Он берет ее за руку.
ОНА У меня руки холодные.
Он трет ей руку, наклоняется и прижимается лбом к ее лбу.
ОН У меня нос холодный.
ОНА Да, холодный. Это хороший признак.
Он откидывается на спинку кресла.
ОН Правда?
ОНА Да, по крайней мере, у кошек и собак. (Она кладет руку ему на лоб.) Лоб у тебя не горячий, но и не холодный. Температуры нет.
ОН Да, мне кажется, я вполне здоров и готов работать.
* * *
Здесь тоже начался снег. Я смотрю в окно, снегопад такой сильный, что, когда через два часа придет время будить Эву, выманить ее из кровати будет совсем просто, достаточно прошептать: «Просыпайся, снег пошел» – и она выпрыгнет из-под одеяла и побежит смотреть на снег.
Я поднимаюсь по лестнице и ложусь рядом с ними.
– Ты где была? – шепчет муж.
Эва лежит в середке, между нами, и занимает больше всего места, хотя она из нас самая маленькая и худенькая.
– Внизу. С записями работала.
– Снег пошел.
– Знаю.
Эва заворочалась.
– Я спать хочу, – говорит она. – Мама, еще ночь, говори потише.

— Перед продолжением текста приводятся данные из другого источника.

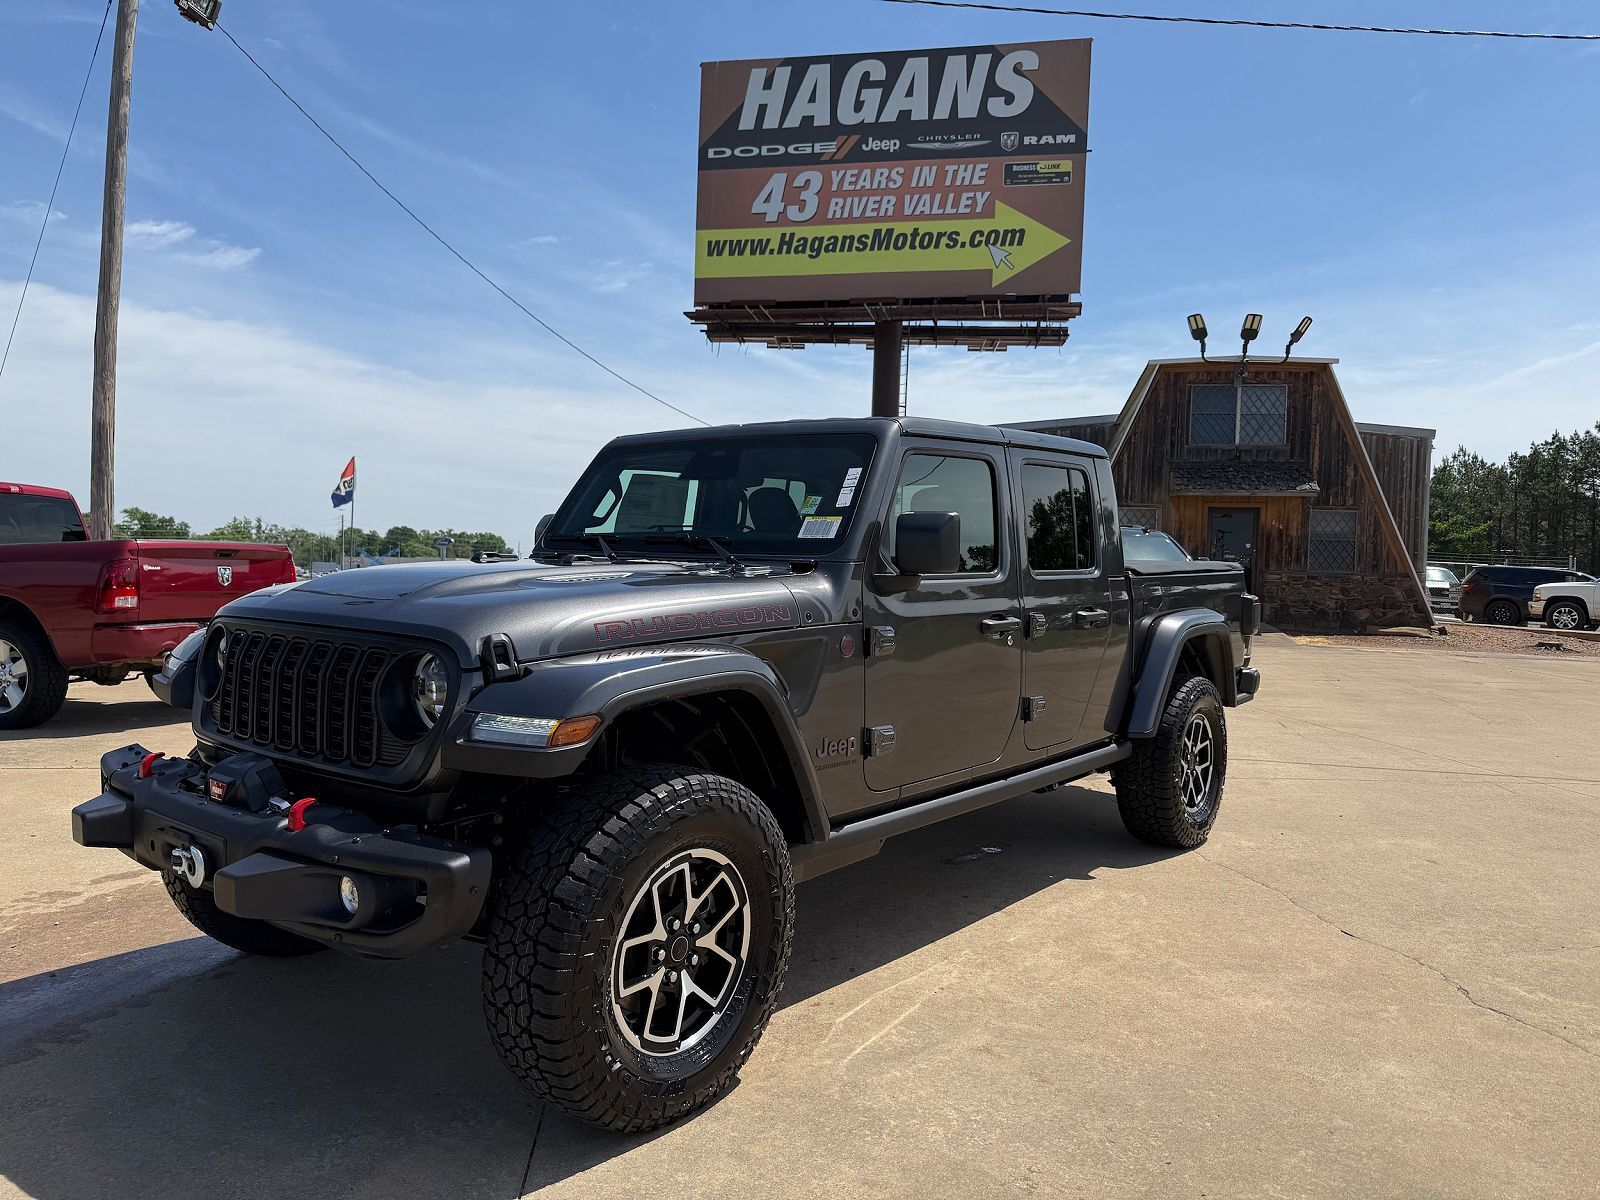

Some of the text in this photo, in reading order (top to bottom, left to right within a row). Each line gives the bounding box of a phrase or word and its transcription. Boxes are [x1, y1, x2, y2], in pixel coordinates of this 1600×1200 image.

[738, 50, 1040, 131] HAGANS
[707, 141, 838, 159] DODGE
[861, 136, 900, 153] Jeep
[917, 133, 981, 142] CHRYSLER
[1023, 134, 1076, 145] RAM
[830, 163, 989, 192] YEARS IN THE
[1012, 164, 1036, 172] BUSINESS
[751, 170, 823, 222] 43
[826, 191, 991, 219] RIVER VALLEY
[706, 227, 1026, 259] www.HagansMotors.com
[594, 605, 791, 643] RUBICON
[815, 736, 856, 759] Jeep
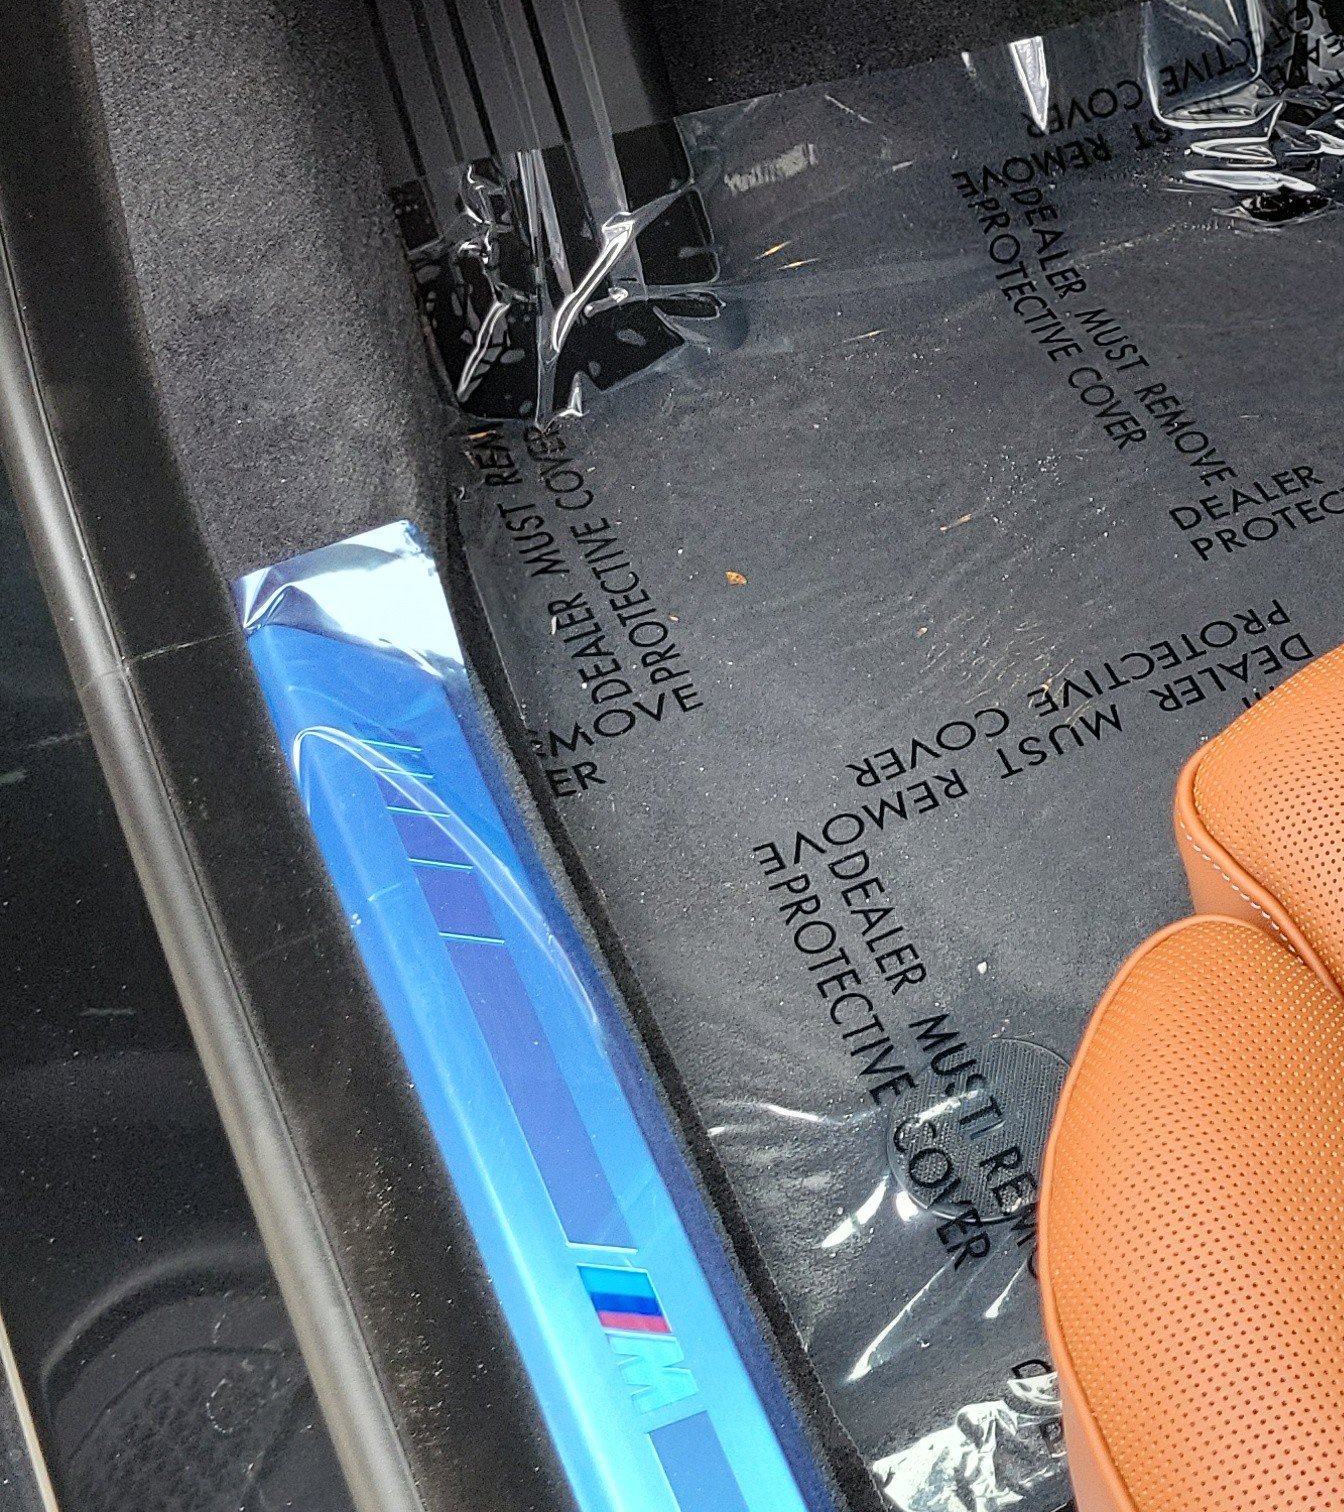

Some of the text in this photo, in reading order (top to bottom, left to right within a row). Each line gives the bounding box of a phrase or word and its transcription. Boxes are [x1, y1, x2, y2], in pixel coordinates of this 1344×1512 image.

[951, 136, 1112, 200] REMOVE
[967, 197, 1147, 450] PROTECTIVE COVER
[1011, 188, 1238, 486] DEALER MUST REMOVE
[496, 502, 570, 578] MUST
[1168, 465, 1324, 531] DEALER
[547, 591, 633, 705] DEALER
[570, 517, 691, 685] PROTECTIVE
[751, 632, 1315, 877] DEALER MUST REMOVE
[845, 598, 1292, 788] PROTECTIVE COVER
[827, 847, 928, 996] DEALER
[769, 873, 991, 1270] PROTECTIVE COVER
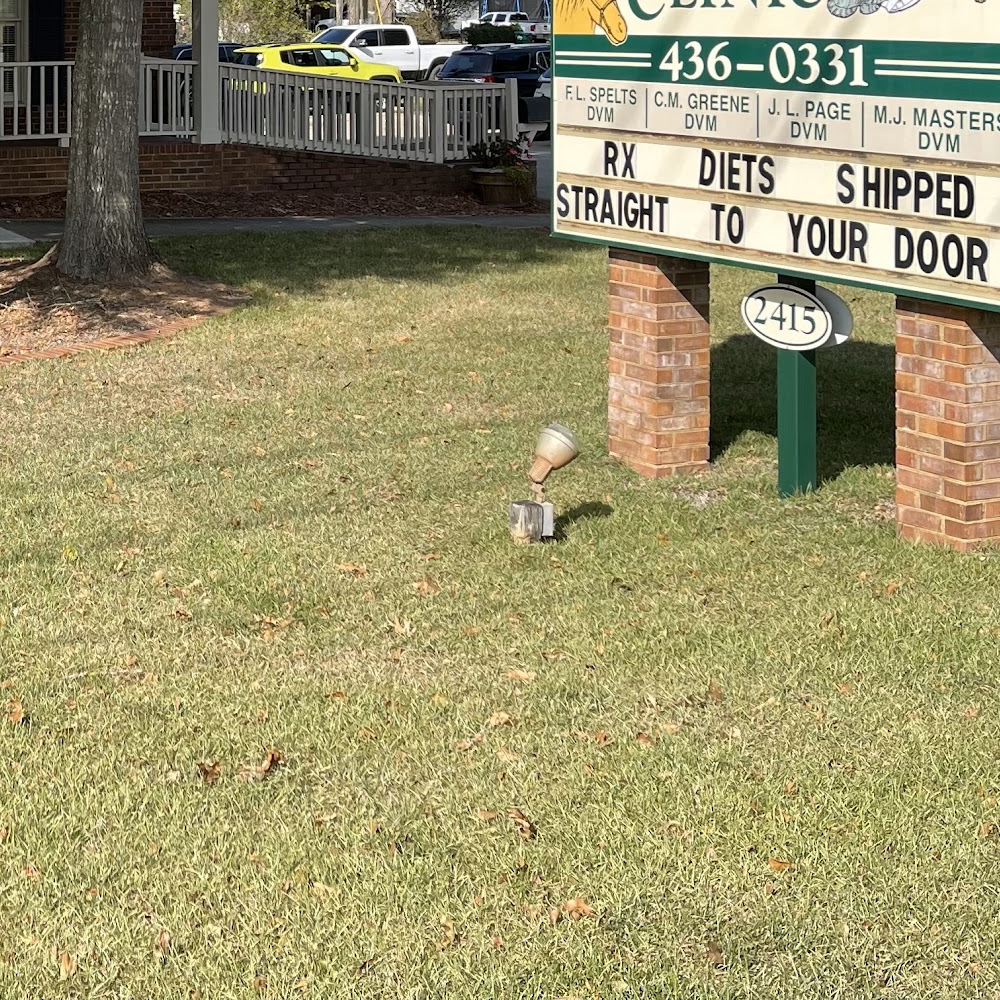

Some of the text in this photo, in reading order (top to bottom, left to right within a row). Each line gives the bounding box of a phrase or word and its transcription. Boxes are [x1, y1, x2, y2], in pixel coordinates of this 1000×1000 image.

[659, 40, 869, 87] 436-0331
[589, 86, 637, 105] SPELTS
[654, 91, 750, 113] C.M. GREENE
[587, 106, 614, 123] DVM
[805, 100, 851, 121] PAGE
[874, 105, 906, 125] M.J.
[685, 113, 717, 132] DVM
[791, 121, 827, 142] DVM
[919, 131, 960, 153] DVM
[603, 140, 975, 219] RX DIETS SHIPPED
[557, 183, 988, 282] STRAIGHT TO YOUR DOOR
[754, 296, 817, 335] 2415
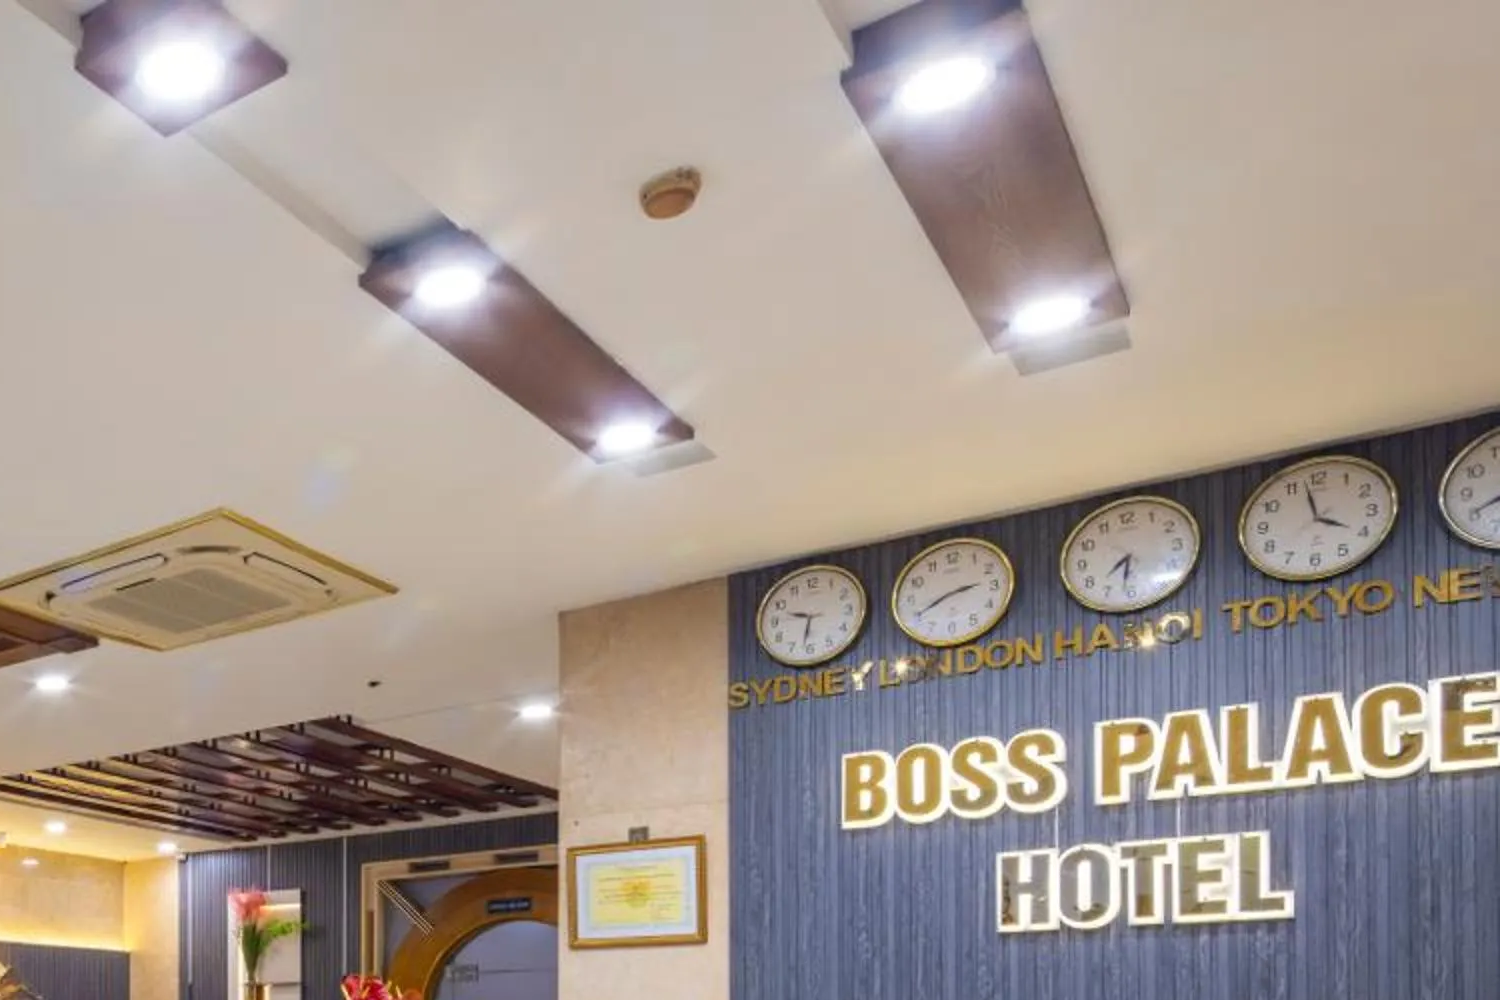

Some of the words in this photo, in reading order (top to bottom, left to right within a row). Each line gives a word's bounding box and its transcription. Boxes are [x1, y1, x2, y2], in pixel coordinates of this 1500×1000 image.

– Я и так шепотом говорю, – шепчу я.
Дышит она более прерывисто, чем мы, мягче и не так напряженно. Когда я глажу Эву по голове, меня накрывает волна ее тепла. Ее волосы жесткие и лохматые, но одновременно мягкие и липучие. Гладить их – все равно что проводить рукой по сахарной пудре. Она специально их отращивает и считает, что чем длиннее они будут, тем лучше.
Я убираю волосы с ее лица и целую в щеку.
Эва свернулась в клубочек и теперь похожа на маленькую улитку.
VI // Джига
Поистине досадно покидать все это.
Из предсмертных слов Свана
Могильщики прожили на острове всю жизнь. Они – мужики с Форё. Отец тоже хотел, чтобы его называли мужиком с Форё. Он по очереди подходит к могильщикам и спрашивает: «Когда я умру, донесете мой гроб до могилы?»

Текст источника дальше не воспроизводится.